**Your task**
Your task is to return the span of lines beginning at the one with "this 1333×1500 image." and ending at the last line of the data, exactly as it stands.

Stored entries
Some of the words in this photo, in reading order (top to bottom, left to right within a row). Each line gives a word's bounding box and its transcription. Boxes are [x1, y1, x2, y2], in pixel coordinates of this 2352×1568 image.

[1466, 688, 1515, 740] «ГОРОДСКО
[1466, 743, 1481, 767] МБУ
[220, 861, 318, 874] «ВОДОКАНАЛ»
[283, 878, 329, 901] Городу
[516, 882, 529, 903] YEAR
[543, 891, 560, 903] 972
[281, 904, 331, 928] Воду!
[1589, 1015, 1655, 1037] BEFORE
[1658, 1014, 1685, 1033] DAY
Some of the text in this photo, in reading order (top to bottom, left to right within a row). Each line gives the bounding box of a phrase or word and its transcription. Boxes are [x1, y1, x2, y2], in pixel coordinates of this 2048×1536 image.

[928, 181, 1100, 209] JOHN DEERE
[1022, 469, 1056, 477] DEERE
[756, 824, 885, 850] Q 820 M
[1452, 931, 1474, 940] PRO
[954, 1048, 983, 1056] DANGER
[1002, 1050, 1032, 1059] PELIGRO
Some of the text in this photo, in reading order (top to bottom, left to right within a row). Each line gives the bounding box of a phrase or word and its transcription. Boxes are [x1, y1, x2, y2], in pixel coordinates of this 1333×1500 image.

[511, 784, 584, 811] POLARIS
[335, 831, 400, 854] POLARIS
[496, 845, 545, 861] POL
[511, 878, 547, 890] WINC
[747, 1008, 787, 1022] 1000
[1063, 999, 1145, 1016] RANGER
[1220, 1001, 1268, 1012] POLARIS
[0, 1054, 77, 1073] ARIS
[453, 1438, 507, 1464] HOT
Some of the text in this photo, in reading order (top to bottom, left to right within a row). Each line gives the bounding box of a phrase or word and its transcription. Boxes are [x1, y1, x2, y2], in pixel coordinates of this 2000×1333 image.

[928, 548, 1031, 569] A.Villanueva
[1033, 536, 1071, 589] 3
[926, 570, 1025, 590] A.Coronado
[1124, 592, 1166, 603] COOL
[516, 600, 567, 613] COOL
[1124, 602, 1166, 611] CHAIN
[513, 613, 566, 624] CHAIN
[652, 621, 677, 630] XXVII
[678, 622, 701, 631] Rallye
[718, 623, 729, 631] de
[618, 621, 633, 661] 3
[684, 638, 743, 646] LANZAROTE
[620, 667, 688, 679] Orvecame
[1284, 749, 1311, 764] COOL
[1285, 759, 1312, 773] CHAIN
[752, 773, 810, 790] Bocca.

**Response**
Some of the text in this photo, in reading order (top to bottom, left to right within a row). Each line gives the bounding box of a phrase or word and its transcription. Boxes are [x1, y1, x2, y2], in pixel coordinates of this 1333×1500 image.

[511, 784, 584, 811] POLARIS
[335, 831, 400, 854] POLARIS
[496, 845, 545, 861] POL
[511, 878, 547, 890] WINC
[747, 1008, 787, 1022] 1000
[1063, 999, 1145, 1016] RANGER
[1220, 1001, 1268, 1012] POLARIS
[0, 1054, 77, 1073] ARIS
[453, 1438, 507, 1464] HOT
Some of the text in this photo, in reading order (top to bottom, left to right within a row). Each line gives the bounding box of a phrase or word and its transcription. Boxes are [x1, y1, x2, y2], in pixel coordinates of this 2000×1333 image.

[928, 548, 1031, 569] A.Villanueva
[1033, 536, 1071, 589] 3
[926, 570, 1025, 590] A.Coronado
[1124, 592, 1166, 603] COOL
[516, 600, 567, 613] COOL
[1124, 602, 1166, 611] CHAIN
[513, 613, 566, 624] CHAIN
[652, 621, 677, 630] XXVII
[678, 622, 701, 631] Rallye
[718, 623, 729, 631] de
[618, 621, 633, 661] 3
[684, 638, 743, 646] LANZAROTE
[620, 667, 688, 679] Orvecame
[1284, 749, 1311, 764] COOL
[1285, 759, 1312, 773] CHAIN
[752, 773, 810, 790] Bocca.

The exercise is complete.